The case of Nestora Salgado has become a rallying point for activists who say the vigilante-like community groups that have sprung up across rural Mexico are cracking down on crimes ignored or fostered by corrupt government police forces.
"My only crime was defending the poor and the voiceless," she said after her release. Accompanied by relatives and supporters Salgado waved what appeared to be an air-rifle and said "If needed we will even use this, but we won't allow ourselves to be walked over."
Salgado donned a green t-shirt with the symbol of her community police force in the town of Olinala, about 110 miles (180 kilometers) south of Mexico City.
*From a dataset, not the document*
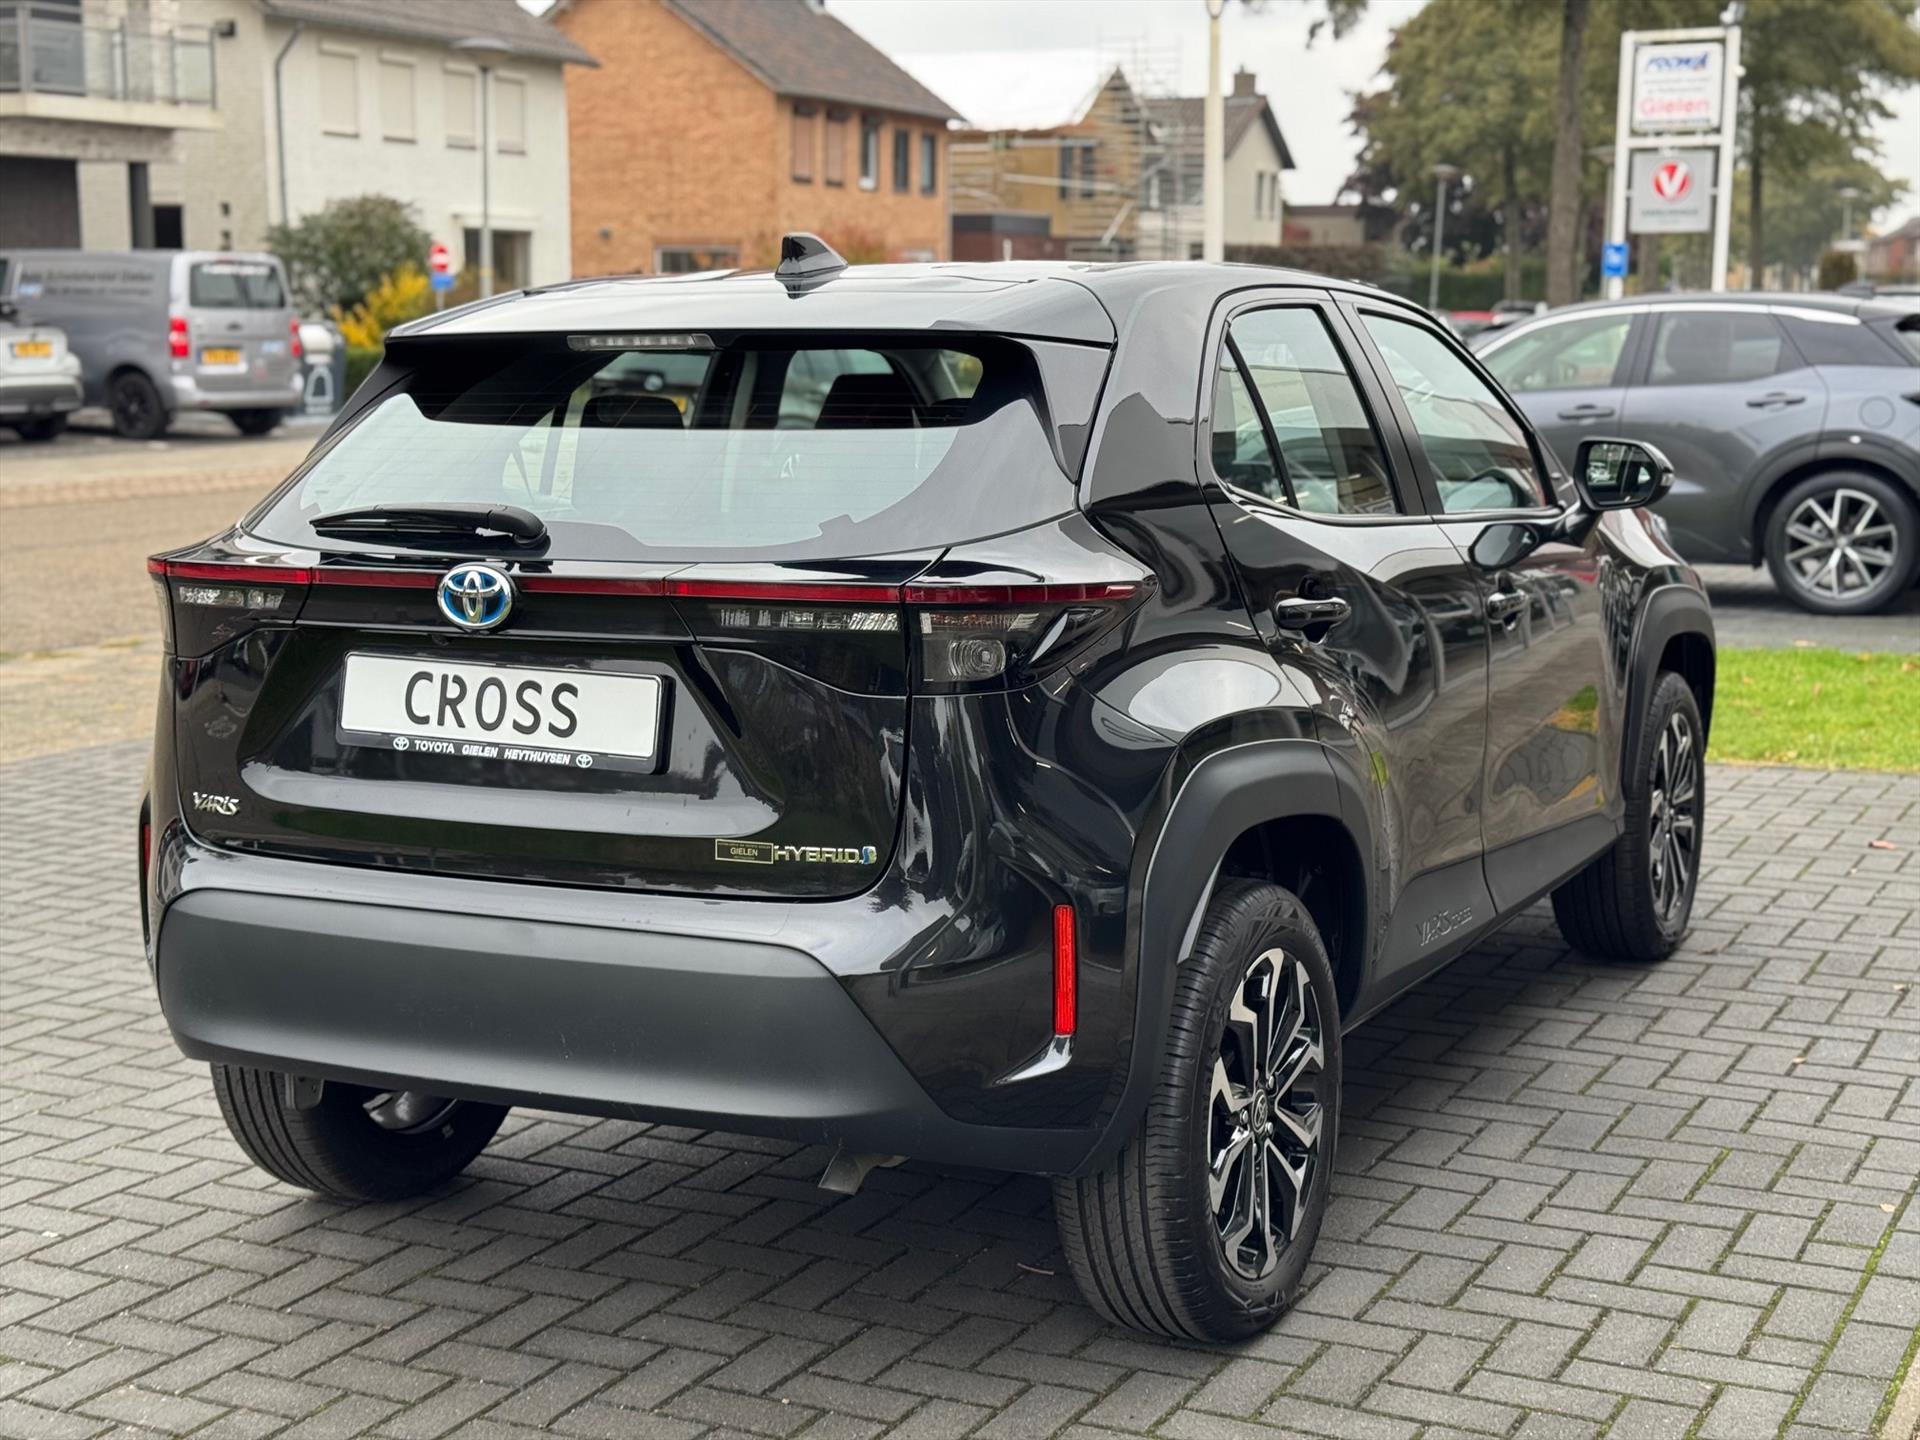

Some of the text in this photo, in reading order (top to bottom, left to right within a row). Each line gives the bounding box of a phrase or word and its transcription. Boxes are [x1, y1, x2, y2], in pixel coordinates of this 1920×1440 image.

It's in Guerrero state, one of the most violent regions off Mexico.
Salgado, who has dual U.S. and Mexican citizenship, returned to Mexico in 2004 and joined one of the community police forces which, while legal, have often had a troubled relationship with state and federal authorities.
She said at a news conference after her release that she planned to return to the United States for medical treatment, but would eventually return to Olinala to continue with her activism.
She said she planned a new campaign to win the release of other imprisoned vigilante leaders and people she described as "political prisoners."
She was arrested in August 2013 after people who had been detained by the force filed a complaint of kidnapping. A federal judge dismissed those charges, but related state charges had kept her behind bars.
Salgado was cleared of remaining charges Thursday.
"This has been the result of the effort of so many people working for Nestora, both in the U.S. and Mexico," said Thomas Antkowiak, who directs the International Human Rights Clinic at Seattle University School of Law. "We're completely overjoyed that the family will be reunited and Nestora will come home."